Their cynicism might extend to democracy in general. "If someone offers us services, we'll vote for him," said Karima. If not, she said she plans on staying home when and if there are elections in the country.
Bab al-Nasr is far on the social margins, and most Egyptians don't live in dusty cemeteries surrounded by a high wall. But many face the toxic combination of high food prices, poor services, and crushing poverty. According to the World Bank, 18 percent of Egyptians live on two dollars a day or less (other sources put that number at 40 percent). They aren't getting much help from the state: last year, the Egyptian government spent only five percent of its budget on medical care, and only six percent on education. Egypt's poor and politically disconnected majority constitutes a huge and potentially powerful bloc that no single, post-Mubarak political figure has been able to reach.
"There are three constituencies in this county," said political scientist Ezzedine Choukri Fishere of the American University in Cairo. "The remains of the state, including the military and their associates; the silent majority of 65 million who participated in nothing [during the protests], and the active 15 million or more who took to the streets. Until today there is not a single candidate who is appealing to all three constituencies."
This "silent majority," if it participates in the parliamentary elections that are currently scheduled for this September, could swing the country towards liberal or secular parties. Or it could help elect populist or Islamist groups, like the Muslim Brotherhood. Fishere isn't comfortable making predictions. "The silent majority is feeling concern and worry," he said. "They need to be reassured.

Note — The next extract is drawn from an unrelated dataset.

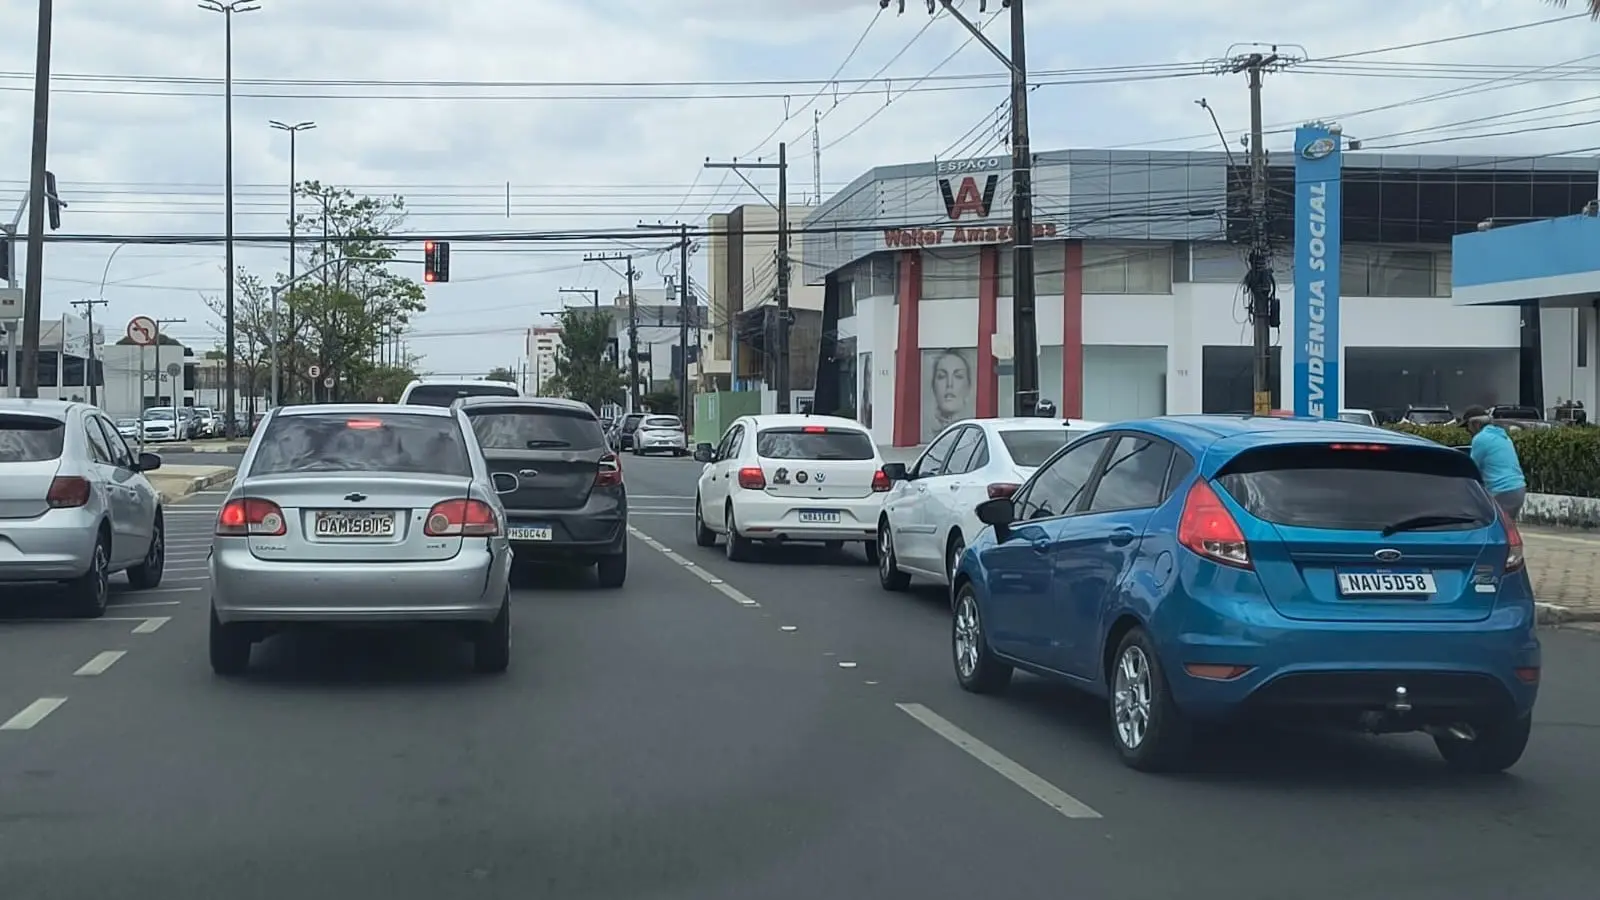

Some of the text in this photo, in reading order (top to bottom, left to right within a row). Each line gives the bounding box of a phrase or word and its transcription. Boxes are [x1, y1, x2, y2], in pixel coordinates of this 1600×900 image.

They need to vote for someone they really trust." He said he has no idea who that figure could eventually be. "We're really operating in the dark."
The people in Bab al-Nasr also wonder what's next for their country, but in a way that can be immediate and painful. "Are they going to leave us here until we die?" Karima wondered aloud. "Are they just going to bury us here?" In the uncertainty that characterizes Egypt's political and economic moment, the inhabitants of the Bab al-Nasr cemetery might not be quite as far outside the mainstream as they appear.